= DATA FOR THE TASK =

———

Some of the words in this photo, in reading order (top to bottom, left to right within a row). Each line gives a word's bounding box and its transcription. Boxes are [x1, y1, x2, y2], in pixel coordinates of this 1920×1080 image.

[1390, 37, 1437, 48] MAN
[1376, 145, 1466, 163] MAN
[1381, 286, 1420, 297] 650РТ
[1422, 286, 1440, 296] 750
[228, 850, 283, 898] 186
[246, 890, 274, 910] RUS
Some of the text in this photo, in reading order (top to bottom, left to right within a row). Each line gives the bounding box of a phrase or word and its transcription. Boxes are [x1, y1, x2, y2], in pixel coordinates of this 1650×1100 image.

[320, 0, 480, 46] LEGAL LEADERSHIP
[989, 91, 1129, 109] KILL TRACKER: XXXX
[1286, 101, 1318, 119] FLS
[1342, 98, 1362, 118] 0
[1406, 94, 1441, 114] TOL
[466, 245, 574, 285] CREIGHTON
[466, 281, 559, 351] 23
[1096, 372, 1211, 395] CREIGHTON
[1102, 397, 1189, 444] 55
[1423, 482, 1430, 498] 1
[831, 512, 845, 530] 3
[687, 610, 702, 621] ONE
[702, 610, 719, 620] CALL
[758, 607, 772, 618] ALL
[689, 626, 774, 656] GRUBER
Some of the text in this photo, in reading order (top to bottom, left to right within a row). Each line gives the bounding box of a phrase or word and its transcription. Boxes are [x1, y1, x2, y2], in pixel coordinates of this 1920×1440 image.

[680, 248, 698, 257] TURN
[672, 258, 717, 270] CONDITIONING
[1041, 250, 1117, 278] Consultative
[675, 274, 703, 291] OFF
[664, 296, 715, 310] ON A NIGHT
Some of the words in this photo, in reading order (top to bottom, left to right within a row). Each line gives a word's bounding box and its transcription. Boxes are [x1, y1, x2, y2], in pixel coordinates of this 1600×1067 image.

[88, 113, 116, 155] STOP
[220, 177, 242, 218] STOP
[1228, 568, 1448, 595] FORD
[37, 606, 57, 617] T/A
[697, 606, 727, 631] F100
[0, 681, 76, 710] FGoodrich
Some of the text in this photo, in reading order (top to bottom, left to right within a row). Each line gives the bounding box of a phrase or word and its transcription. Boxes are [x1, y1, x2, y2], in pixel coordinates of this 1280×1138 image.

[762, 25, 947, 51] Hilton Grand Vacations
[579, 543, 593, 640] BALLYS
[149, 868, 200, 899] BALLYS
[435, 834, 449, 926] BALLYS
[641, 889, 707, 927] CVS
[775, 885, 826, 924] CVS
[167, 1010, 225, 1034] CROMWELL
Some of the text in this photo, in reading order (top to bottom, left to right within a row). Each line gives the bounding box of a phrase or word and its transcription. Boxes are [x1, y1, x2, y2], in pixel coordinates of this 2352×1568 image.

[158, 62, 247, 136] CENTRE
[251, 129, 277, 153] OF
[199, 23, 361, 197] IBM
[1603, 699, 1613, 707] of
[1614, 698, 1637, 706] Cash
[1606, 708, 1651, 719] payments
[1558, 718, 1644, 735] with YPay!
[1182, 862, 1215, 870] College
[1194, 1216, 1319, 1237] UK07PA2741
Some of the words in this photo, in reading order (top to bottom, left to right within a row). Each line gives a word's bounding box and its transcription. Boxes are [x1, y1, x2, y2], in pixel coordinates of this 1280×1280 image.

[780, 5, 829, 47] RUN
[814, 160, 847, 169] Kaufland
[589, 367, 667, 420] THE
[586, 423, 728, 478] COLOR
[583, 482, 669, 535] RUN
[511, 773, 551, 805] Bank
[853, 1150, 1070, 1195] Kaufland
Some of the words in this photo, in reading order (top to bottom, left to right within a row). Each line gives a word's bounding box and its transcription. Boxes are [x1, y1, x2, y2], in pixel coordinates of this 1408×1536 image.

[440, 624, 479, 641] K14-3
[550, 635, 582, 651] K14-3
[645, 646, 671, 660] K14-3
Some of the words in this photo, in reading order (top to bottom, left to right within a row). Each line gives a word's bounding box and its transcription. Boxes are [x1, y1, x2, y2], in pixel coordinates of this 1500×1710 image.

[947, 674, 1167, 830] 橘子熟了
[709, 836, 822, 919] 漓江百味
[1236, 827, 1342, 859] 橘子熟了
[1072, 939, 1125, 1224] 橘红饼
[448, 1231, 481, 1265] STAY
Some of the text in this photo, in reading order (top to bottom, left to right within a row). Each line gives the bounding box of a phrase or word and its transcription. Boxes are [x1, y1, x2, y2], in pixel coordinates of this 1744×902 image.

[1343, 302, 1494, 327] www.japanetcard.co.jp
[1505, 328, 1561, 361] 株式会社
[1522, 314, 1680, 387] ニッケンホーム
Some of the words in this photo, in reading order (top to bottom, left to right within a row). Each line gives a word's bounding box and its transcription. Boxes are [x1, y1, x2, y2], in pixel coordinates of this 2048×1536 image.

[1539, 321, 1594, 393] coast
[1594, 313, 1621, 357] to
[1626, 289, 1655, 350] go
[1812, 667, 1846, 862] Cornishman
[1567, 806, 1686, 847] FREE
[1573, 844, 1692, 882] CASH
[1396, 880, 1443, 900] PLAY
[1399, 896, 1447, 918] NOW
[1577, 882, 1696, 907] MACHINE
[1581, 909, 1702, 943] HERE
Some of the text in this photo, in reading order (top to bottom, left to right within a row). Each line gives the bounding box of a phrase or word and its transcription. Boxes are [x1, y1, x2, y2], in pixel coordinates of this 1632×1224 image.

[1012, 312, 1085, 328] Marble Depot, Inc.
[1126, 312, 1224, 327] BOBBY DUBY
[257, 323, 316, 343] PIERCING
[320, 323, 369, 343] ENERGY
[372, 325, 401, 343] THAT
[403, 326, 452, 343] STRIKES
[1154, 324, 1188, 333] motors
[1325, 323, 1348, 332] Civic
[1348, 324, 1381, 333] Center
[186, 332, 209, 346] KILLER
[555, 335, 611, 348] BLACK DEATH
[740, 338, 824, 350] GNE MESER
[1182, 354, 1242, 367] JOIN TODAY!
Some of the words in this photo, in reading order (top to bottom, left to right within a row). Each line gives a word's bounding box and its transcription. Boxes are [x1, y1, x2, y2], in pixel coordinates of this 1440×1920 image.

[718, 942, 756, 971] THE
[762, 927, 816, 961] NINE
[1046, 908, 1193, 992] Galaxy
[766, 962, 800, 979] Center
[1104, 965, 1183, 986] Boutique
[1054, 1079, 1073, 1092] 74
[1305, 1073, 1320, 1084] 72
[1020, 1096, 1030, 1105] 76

———

= EXERCISE OBJECTIVE =
Your answer is to contain exactly the lines from the one holding "this 1440×1920 image." to the end of the entries, with no other line.

= WRITTEN ANSWER =
Some of the words in this photo, in reading order (top to bottom, left to right within a row). Each line gives a word's bounding box and its transcription. Boxes are [x1, y1, x2, y2], in pixel coordinates of this 1440×1920 image.

[718, 942, 756, 971] THE
[762, 927, 816, 961] NINE
[1046, 908, 1193, 992] Galaxy
[766, 962, 800, 979] Center
[1104, 965, 1183, 986] Boutique
[1054, 1079, 1073, 1092] 74
[1305, 1073, 1320, 1084] 72
[1020, 1096, 1030, 1105] 76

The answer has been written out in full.